DETAILED ACTION
Notice of Pre-AIA  or AIA  Status
1.	The present application, filed on or after March 16, 2013, is being examined under the first inventor to file provisions of the AIA .
Response to Arguments
2.	 Applicant’s arguments and amendments in the Amendment, with respect to the rejections of claims 1 and 13, and claims depending therefrom, under 35 U.S.C. 103 have been fully considered and are persuasive in part, as detailed below.  Therefore, the rejection has been withdrawn.  However, upon further consideration, new grounds of rejection are made in view of Thomsen, U.S. Patent App. Pub. No. 2017/0064461 and Elias et al., U.S. Patent App. Pub.

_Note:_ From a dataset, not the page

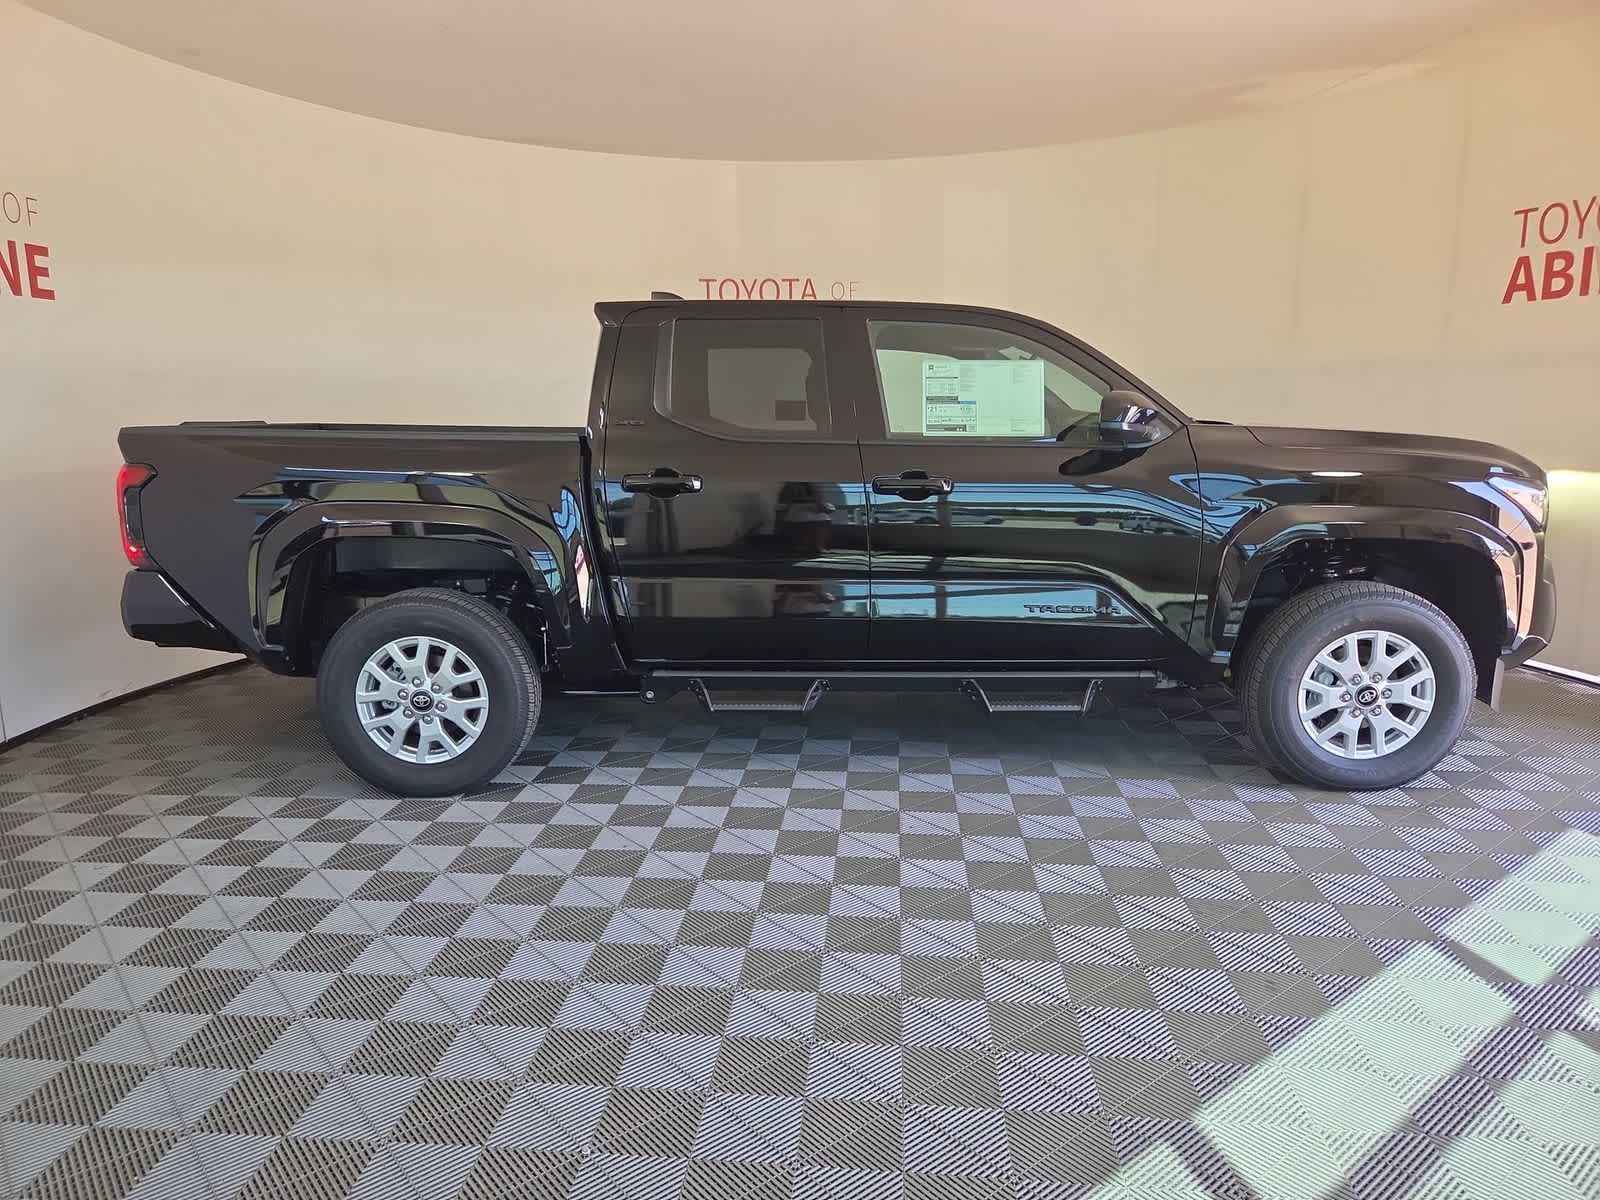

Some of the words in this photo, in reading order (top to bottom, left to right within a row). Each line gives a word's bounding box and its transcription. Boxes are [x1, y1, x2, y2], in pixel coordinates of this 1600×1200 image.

No. 2018/0224923. Original Claims 1, 8, 13, and 17 are amended, and new Claims 21 and 22 are added.  Amended independent Claims 1 and 13 have been considered as discussed below.  
3. 	Applicant argues in the Amendment that “both references fail to disclose two neural networks.”  However, each of Newell and Chaudhuri disclose a neural network, and the rejection is a combination of these two networks.
4.	Applicant argues in the Amendment that the network of Newell is designed to identify a word sequence, and thus cannot be modified to, for example, use 16 to 64 samples as recited in Claim 10 and 19, or use a 4 ms sample as recited in Claims 21 and 22.  However, paragraph 39 of Newell describes that the device is designed to normally be in a sleep state until speech activity is detected.  When speech activity is detected, the device “wakes up.”  This preliminary speech detection could use 16 to 64 samples, or a sample of 4 ms, as noted below.

6.	Applicant argues in the Amendment with regard to Claims 10 and 18 that the subject matter of these claims would not be a matter of routine experimentation, because 16 to 64 samples would not be enough for the devices describes by Newell and Chaudhuri, which discloses 1000 samples in an exemplary embodiment.  However, as held in In re Aller, 220 F.2d 454, 456, 105 USPQ 233, 235 (CCPA 1955), “[W]here the general conditions of a claim are disclosed in the prior art, it is not inventive to discover the optimum or workable ranges by routine experimentation.”  In this case, Chaudhuri discloses that the number of samples is a variable that effects the result of the processing, and thus numbers of samples outside the range disclosed by Chaudhuri are a matter of routine experimentation.  See MPEP 2144.05.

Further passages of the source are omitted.